Harry quindi se ne stette tranquillamente a letto a rimuginare, allietato
ogni giorno dalle visite dei suoi amici che andavano ad accertarsi dei suoi
miglioramenti e a portargli i compiti.
Ron era quello che passava più tempo in infermeria, per lo più per
confidarsi con il migliore amico. Ormai i suoi rapporti con Hermione erano
piuttosto intimi, ma ancora la ragazza non voleva che i compagni di scuola e
soprattutto i professori lo sapessero. Aveva un buon nome da difendere,
diceva lei, e non voleva che la gente pensasse che sprecava le sue giornate
a pomiciare negli angoli.
La visita che Harry temeva di più era, naturalmente, quella di Draco Malfoy.

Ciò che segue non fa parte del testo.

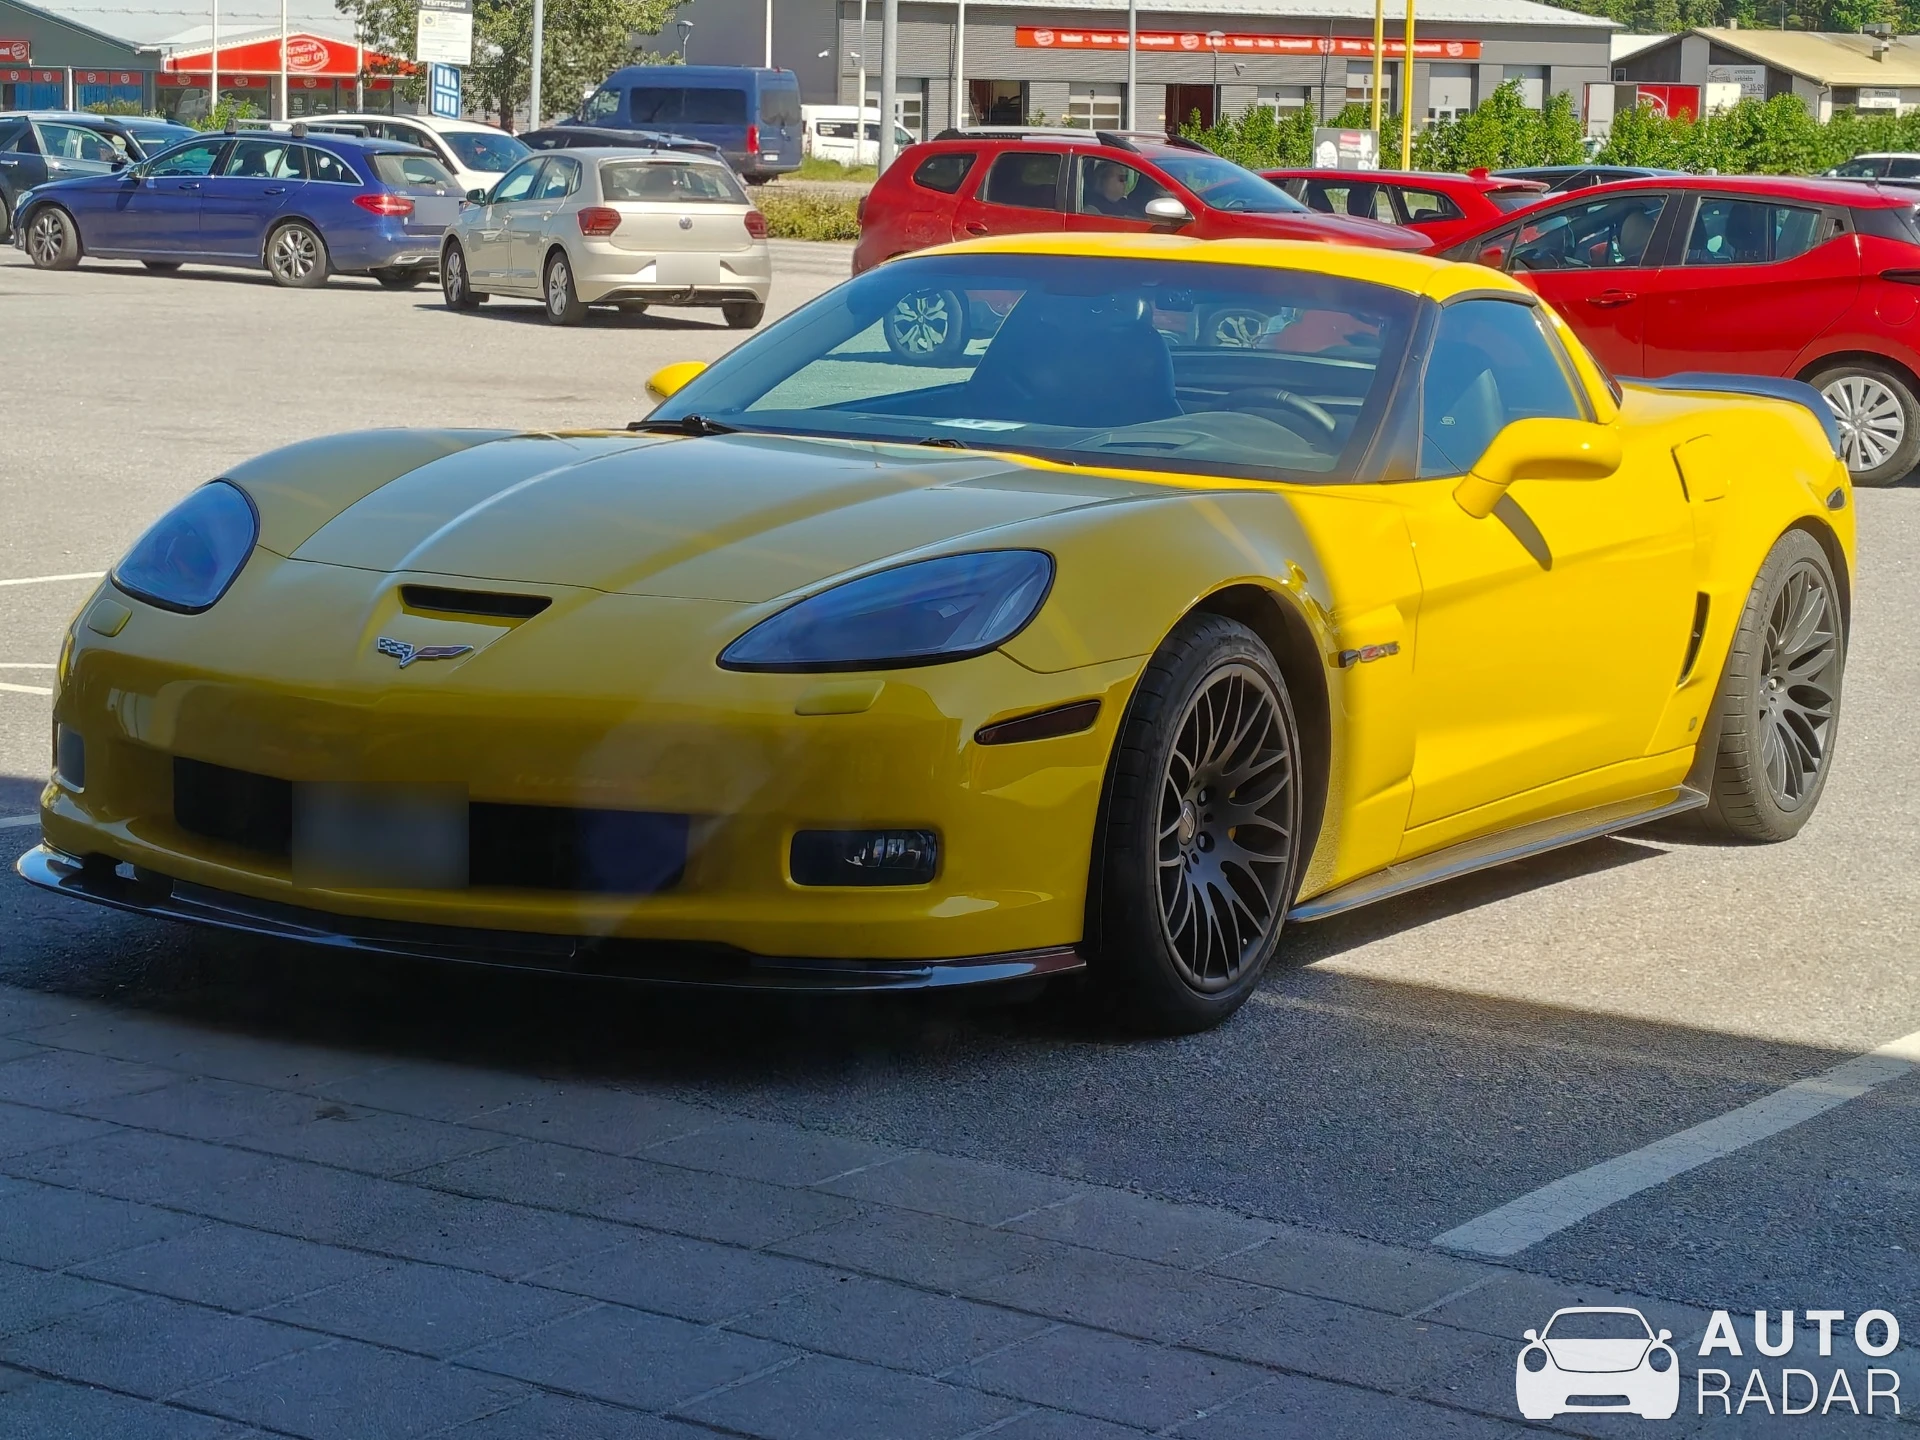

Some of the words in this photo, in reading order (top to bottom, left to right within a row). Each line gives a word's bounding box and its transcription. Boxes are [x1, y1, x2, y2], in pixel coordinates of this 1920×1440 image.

[1089, 89, 1095, 100] 3
[1275, 92, 1280, 103] 5
[1444, 95, 1449, 105] 7

Si aspettava che il biondo Slytherin si insinuasse nell’infermeria giusto
per avere l’occasione di insultarlo e, perché no, di prendersi un po’ gioco
di lui. Quella visita però non arrivò mai. Draco non si fece vivo per tutta
la settimana. E, da quel che poteva capire parlando con Ron, non era andato
in giro a mettere manifesti su ciò che era successo l’ultima volta che si
erano visti. Questo fatto insospettiva Harry, e, se da un lato si sentiva
notevolmente sollevato, dall’altro non poteva sopprimere una punta di
tristezza. In fondo vedere il suo viso non sarebbe stato un gran dispiacere…
Quando la settimana fu terminata Madam Pomfrey lo buttò gentilmente fuori
dal suo rifugio e Harry dovette adattarsi nuovamente a confrontarsi con gli
altri studenti di Hogwarts. Gli capitò così di incrociare Draco nei corridoi
o di seguire lezioni alle quali partecipava anche lui, ma lo Slytherin non
sembrò dedicargli maggiori attenzioni del solito, né infierire su di lui con
battutine piccanti. Mano a mano che i giorni passavano, Harry cominciò a
tranquillizzarsi, e al contempo si accorse che quel senso di tristezza che
gli era sbocciato dentro nella settimana trascorsa in ospedale cresceva.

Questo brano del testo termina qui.